For example, the determination function 547 prepares N energy bins (bin1, bin2, ... binN) with different threshold values for discriminating the energy of X-ray photons, and selects X-ray photons at corresponding positions within the first ROI 201. into N energy bins. The determination function 547 counts the number of X-ray photons discriminated for each energy amount, and calculates the concentration of the first contrast material based on the count data.

As a result, if the determination function 547 determines that the concentration of the first contrast substance in the first target organ is not equal to or higher than the first threshold value, the scan control function 545 continues the real prep. On the other hand, when the determination function 547 determines that the concentration of the first contrast material in the first target organ is equal to or higher than the first threshold value, the scan control function 545 determines that the injection of the second contrast material into the first target organ has been completed. A main scan (hereinafter referred to as a first main scan) for determining and generating an examination image of the first target organ is started (step S213). Next, the scan control function 545 refers to the time sequence information to check the time required for the first scan (hereinafter referred to as the first scan time), and determines whether the first scan time has elapsed. (Step S215).

If it is determined that the first main scan time has not elapsed, the scan control function 545 continues the first main scan. If it is determined that the first main scan time has elapsed, the scan control function 545 restarts the real prep (step S217) and observes the inflow of the second contrast material into the second target organ.

Subsequently, the determination function 547 calculates the concentration of the second contrast substance in the second target organ based on the data in the second ROI in the interior CT image data, and determines whether the calculated concentration is equal to or higher than the second threshold value. is determined (step S219). As shown in FIG. 7, the determination function 547 discriminates, for example, X-ray photons at corresponding positions within the second ROI 202 into N energy bins. The determination function 547 counts the number of X-ray photons discriminated for each energy amount, and calculates the concentration of the second contrast material based on the count data.

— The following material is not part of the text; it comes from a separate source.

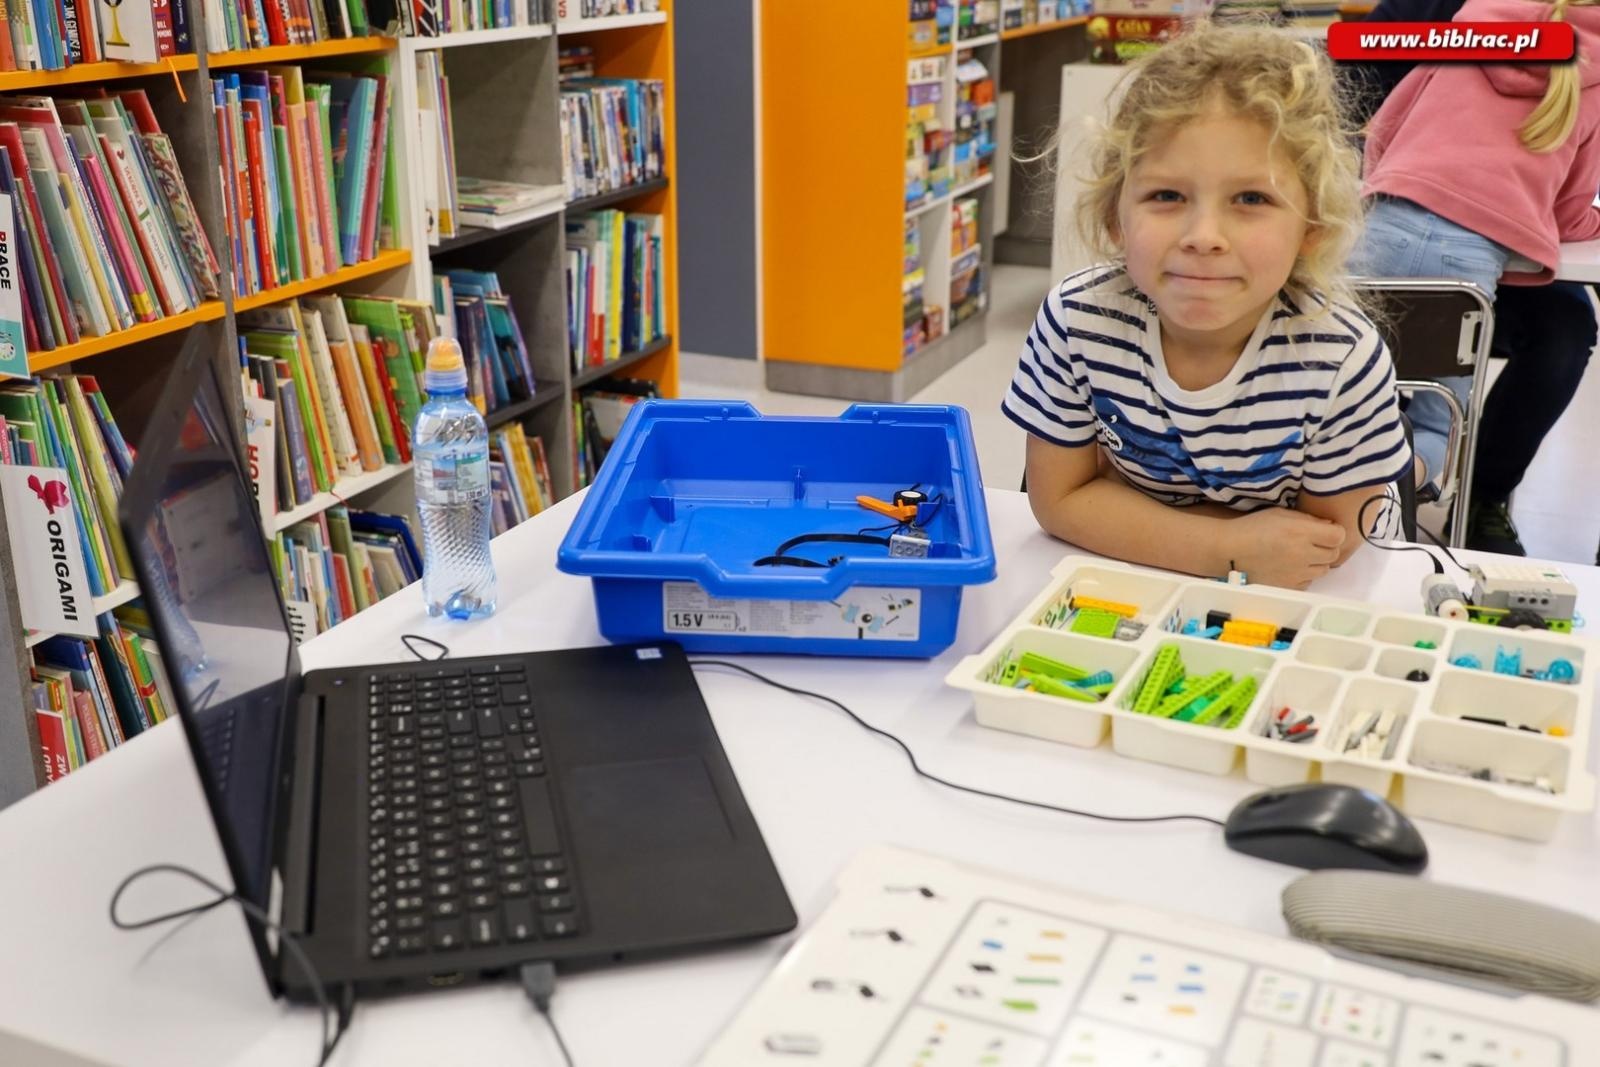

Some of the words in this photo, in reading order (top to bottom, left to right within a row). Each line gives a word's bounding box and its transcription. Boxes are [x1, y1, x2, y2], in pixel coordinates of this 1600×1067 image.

[46, 520, 78, 621] ORIGAMI
[673, 613, 691, 628] 1.5
[694, 613, 703, 627] V
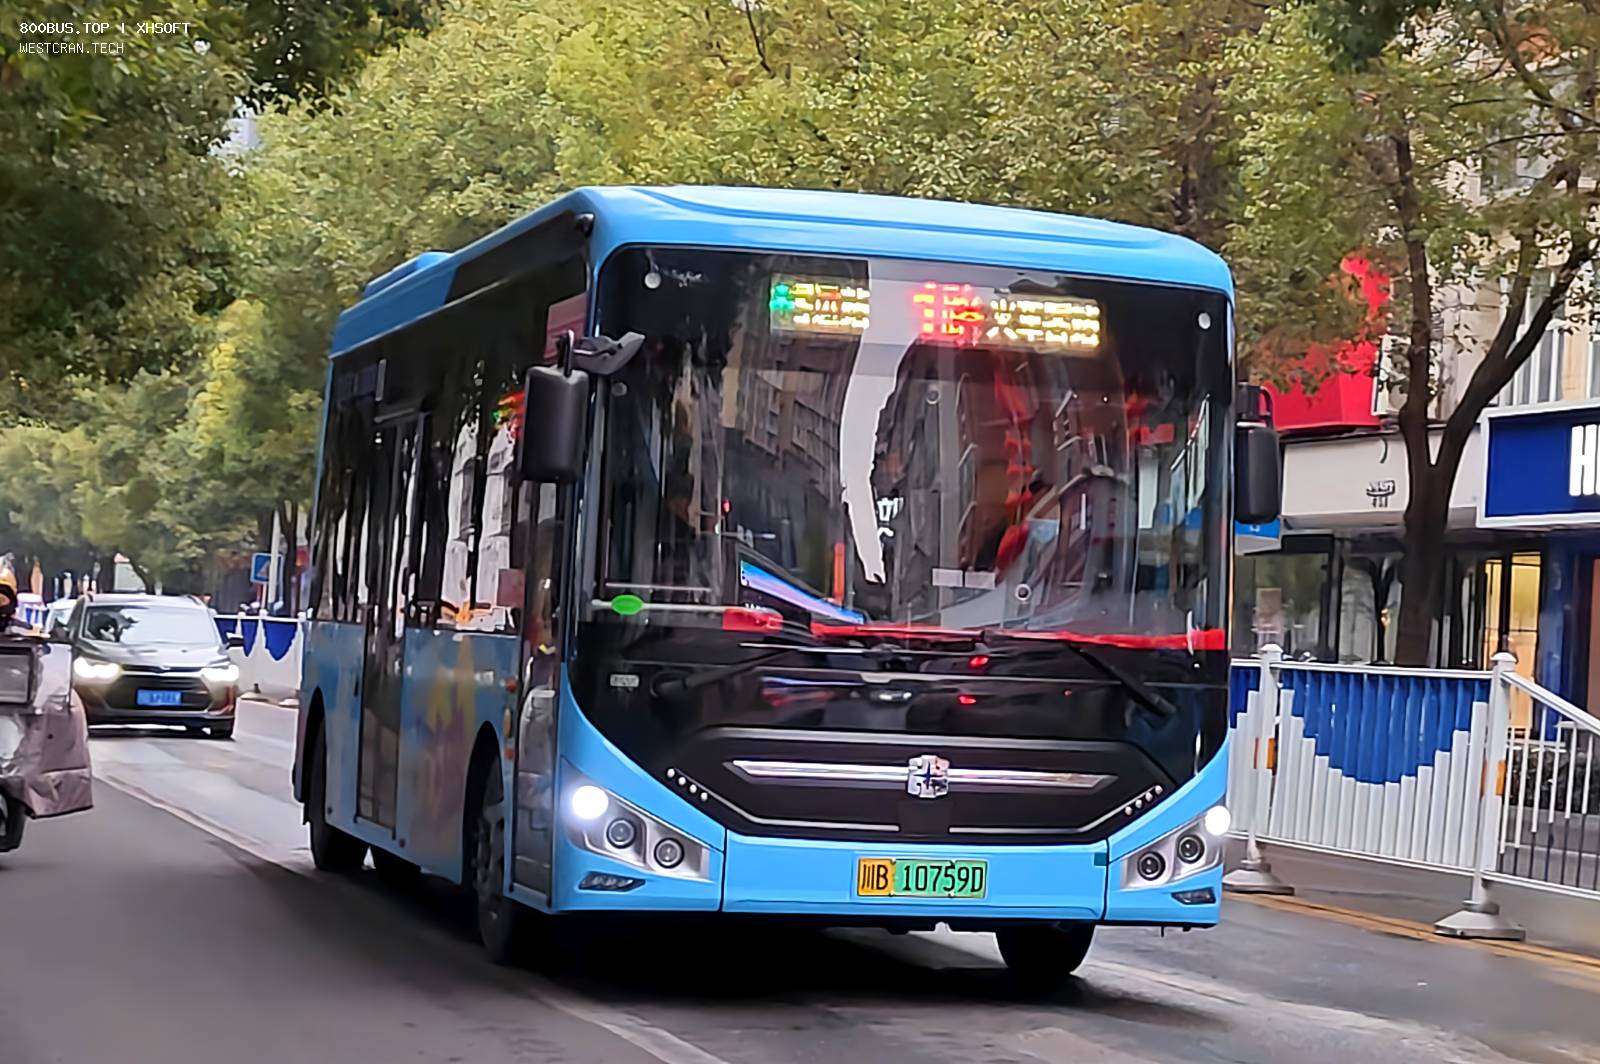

When the determination function 547 determines that the concentration of the second contrast substance in the second target organ is not equal to or higher than the second threshold value, the scan control function 545 continues the real prep. On the other hand, when the determination function 547 determines that the concentration of the second contrast material in the second target organ is equal to or higher than the second threshold value, the scan control function 545 determines that the injection of the second contrast material into the second target organ has been completed. A main scan (hereinafter referred to as a second main scan) for determining and generating an inspection image of the second target organ is started (step S211).

Next, the scan control function 545 refers to the time sequence information, checks the time required for the second scan (hereinafter referred to as second scan time), and determines whether the second scan time has elapsed. (Step S215). If it is determined that the second main scan time has not elapsed, the scan control function 545 continues the second main scan. If it is determined that the second main scan time has elapsed, the X-ray CT apparatus 1 ends the process shown in FIG. 6.

The X-ray CT apparatus 1 of the embodiment determines the concentration of the contrast material in the target organ by performing real prep including material decomposition after starting injection of the contrast material. Therefore, the injection status such as the concentration of the contrast material into the target organ can be easily understood.

Moreover, the X-ray CT apparatus 1 of the embodiment limits the irradiation range of X-rays by the X-ray tube 11 when performing real prep to a narrow update target area by interior CT. Therefore, since the amount of X-ray irradiation can be reduced, the amount of radiation that the subject P is exposed to when performing real prep can be reduced.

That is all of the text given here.